Paolo Flores d'Arcais: "La norma sospendi-processi non sarà accantonata ma come spiega Cicchitto, tessera P2, il governo vuole infliggere al Paese un uno-due per mettere al tappeto la Costituzione italiana". "Vogliono l'impunità totale per i criminali di ogni tipo per salvare i criminali del governo e i loro amici".

Marco Travaglio: "Quello di Berlusconi è il governo più ridicolo della storia: abbiamo un ministro della Giustizia, Alfano, che spara cazzate tutti i giorni e ha il record di aver presentato in un mese ben cinque leggi incostituzionali". Berlusconi in campagna elettorale ha fatto di tutto "per perdere ma quando lui arretra anche l'opposizione lo fa: la sua più che una vittoria è stato un sorpasso in retromarcia". Per il giornalista la sinistra in questi anni si è data il compito "di risuscitare ogni volta Berlusconi, anche quando appariva politicamente morto". Travaglio ha quindi criticato aspramente l'attività del governo in tema di intercettazioni e sul censimento dei nomadi definendo "orrenda" l'idea di prendere le impronte digitali dei bambini.

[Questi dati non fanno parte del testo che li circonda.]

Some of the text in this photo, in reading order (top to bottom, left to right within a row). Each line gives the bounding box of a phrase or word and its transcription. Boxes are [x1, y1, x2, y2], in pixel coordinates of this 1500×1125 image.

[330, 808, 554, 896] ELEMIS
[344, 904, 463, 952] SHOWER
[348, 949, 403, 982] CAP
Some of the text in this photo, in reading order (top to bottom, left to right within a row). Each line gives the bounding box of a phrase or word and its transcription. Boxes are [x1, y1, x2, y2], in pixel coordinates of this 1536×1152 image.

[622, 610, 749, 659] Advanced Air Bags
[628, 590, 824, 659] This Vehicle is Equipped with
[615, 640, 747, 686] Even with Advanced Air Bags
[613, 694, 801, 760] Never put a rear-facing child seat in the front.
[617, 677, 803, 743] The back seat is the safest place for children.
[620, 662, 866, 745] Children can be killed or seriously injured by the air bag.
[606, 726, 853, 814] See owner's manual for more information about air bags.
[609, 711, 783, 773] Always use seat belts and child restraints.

Sabina Guzzanti ha "scaldato" la piazza così: "A me non me ne frega niente della vita sessuale di Berlusconi. Ma tu non puoi mettere alle Pari opportunità una che sta lì perché t'ha succhiato l'uccello, non la puoi mettere da nessuna parte ma in particolare non la puoi mettere alle Pari opportunità perché è uno sfregio". "L'osteria delle ministre": Osteria delle ministre / paraponzi ponzi po / le ministre son maestre / paraponzi ponzi po / e se al letto son portento, figuriamoci in Parlamento / dammela a me Carfagna / pari oppportunità".

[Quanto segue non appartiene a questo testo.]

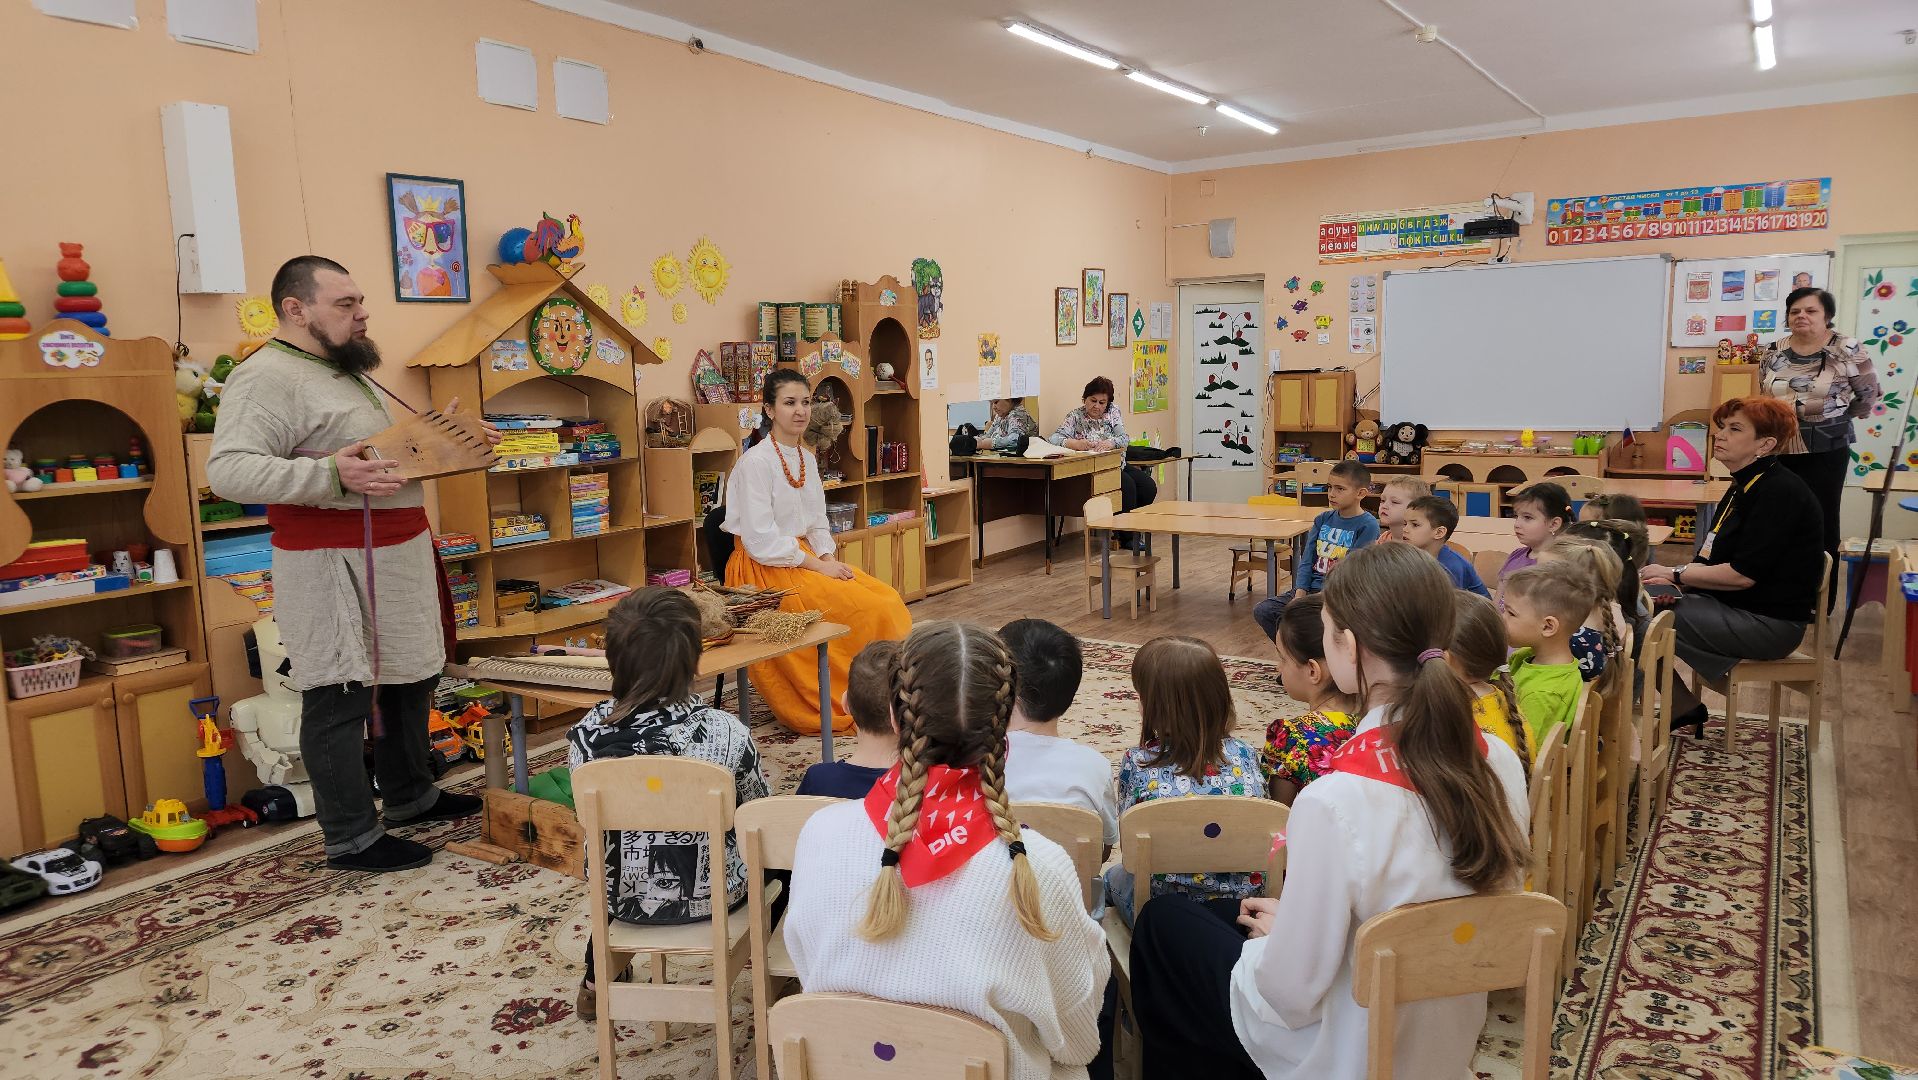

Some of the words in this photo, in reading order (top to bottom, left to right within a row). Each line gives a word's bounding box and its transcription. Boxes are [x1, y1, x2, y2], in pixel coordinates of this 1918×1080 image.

[1320, 228, 1326, 236] а
[1334, 226, 1341, 236] у
[1342, 226, 1349, 235] ы
[1351, 225, 1356, 233] э
[1391, 222, 1397, 232] р
[1400, 218, 1405, 229] б
[1416, 220, 1421, 228] г
[1424, 219, 1431, 229] д
[1439, 218, 1448, 226] ж
[1549, 230, 1559, 243] 0
[1562, 230, 1569, 242] 1
[1573, 229, 1583, 242] 2
[1586, 227, 1595, 241] 3
[1597, 226, 1608, 240] 4
[1611, 225, 1621, 238] 5
[1623, 224, 1634, 237] 6
[1636, 224, 1646, 237] 7
[1648, 222, 1659, 236] 8
[1662, 222, 1673, 236] 9
[1674, 221, 1686, 234] 10
[1687, 221, 1699, 234] 11
[1701, 220, 1714, 234] 12
[1715, 219, 1727, 232] 13
[1728, 218, 1741, 232] 14
[1743, 216, 1755, 230] 15
[1757, 216, 1769, 230] 16
[1770, 215, 1784, 228] 17
[1785, 214, 1797, 228] 18
[1800, 213, 1812, 227] 19
[1813, 212, 1827, 225] 20
[1320, 243, 1326, 251] я
[1328, 241, 1334, 250] ё
[1334, 242, 1342, 250] ю
[1399, 237, 1405, 245] п
[1406, 236, 1413, 247] ф
[1424, 235, 1430, 243] т
[1439, 234, 1448, 243] ш
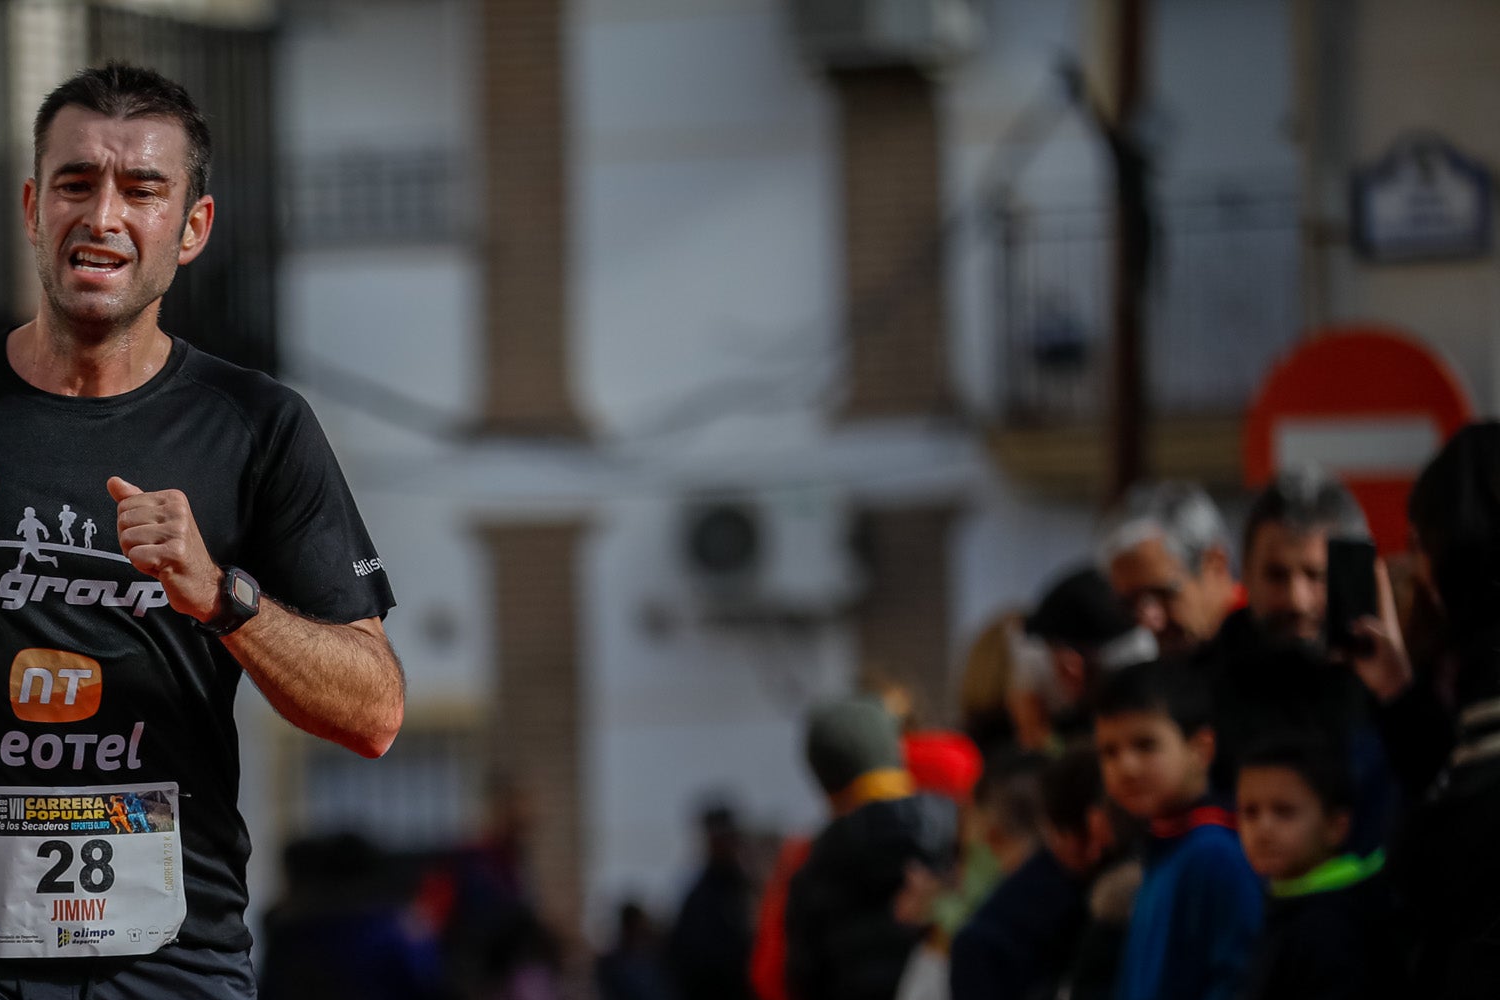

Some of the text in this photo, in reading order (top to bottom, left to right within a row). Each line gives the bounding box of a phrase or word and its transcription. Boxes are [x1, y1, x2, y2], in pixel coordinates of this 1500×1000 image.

[9, 798, 24, 819] VII
[25, 797, 105, 810] CARRERA
[26, 809, 104, 820] POPULAR
[6, 821, 19, 831] los
[21, 821, 70, 831] Secaderos
[36, 839, 115, 894] 28
[164, 856, 174, 891] CARRERA
[51, 898, 107, 922] JIMMY
[73, 927, 116, 939] olimpo

Il mirino della Guzzanti si sposta poi verso il vicino Vaticano: "Il governo - dice - è caduto in buona parte anche grazie a Ratzinger, con quella porcheria della negata partecipazione a La Sapienza. La menzogna della censura a Ratzinger è stata sostenuta da tutti i media e i politici, salvo le solite, rilevanti eccezioni. Questo significa avere il controllo dei media, inventare una polemica che non sta né in cielo né in terra, perché non c'è motivo al mondo - urla l'attrice - percui Ratzinger debbe inaugurare l'anno accademico delle nostre università".

"Grazie alla legge Moratti fra vent'anni gli insegnanti saranno scelti dal Vaticano, ma fra vent'anni Ratzinger sarà dove deve stare, cioè all'inferno, tormentato da diavoloni frocioni attivissimi, e non passivissimi. Non come i gay che hanno accettato di spostare il Gay Pride a Bologna perché a Roma, a San Giovanni, c'era un coro di preti. E 'sti cazzi, si direbbe in una repubblica democratica".

Antonio Di Pietro: "C'è in atto un comportamento da nuova P2, anzi, proprio P2 perché sono sempre quelli. Se andate a vedere le proposte sono proprio quelle della P2, che voleva la giustizia asservita allo Stato. Quando c'è un'emergenza democratica si sta al fronte. Appena le condizioni ce lo permetteranno attiveremo un grappolo di referendum per cancellare queste leggi".

Pancho Pardi (Idv): "Chi ha già provato a sfregiare la Costituzione non potrà diventarne il custode, chi è uscito dai processi di magistratura solo perché ha fatto delle leggi a proprio favore non può diventare presidente del Csm, chi si è vantato di spregiare il 25 aprile non potrà diventare presidente della Repubblica che è nata dalla Resistenza. Ci aspetta una dura campagna, lunga cinque anni".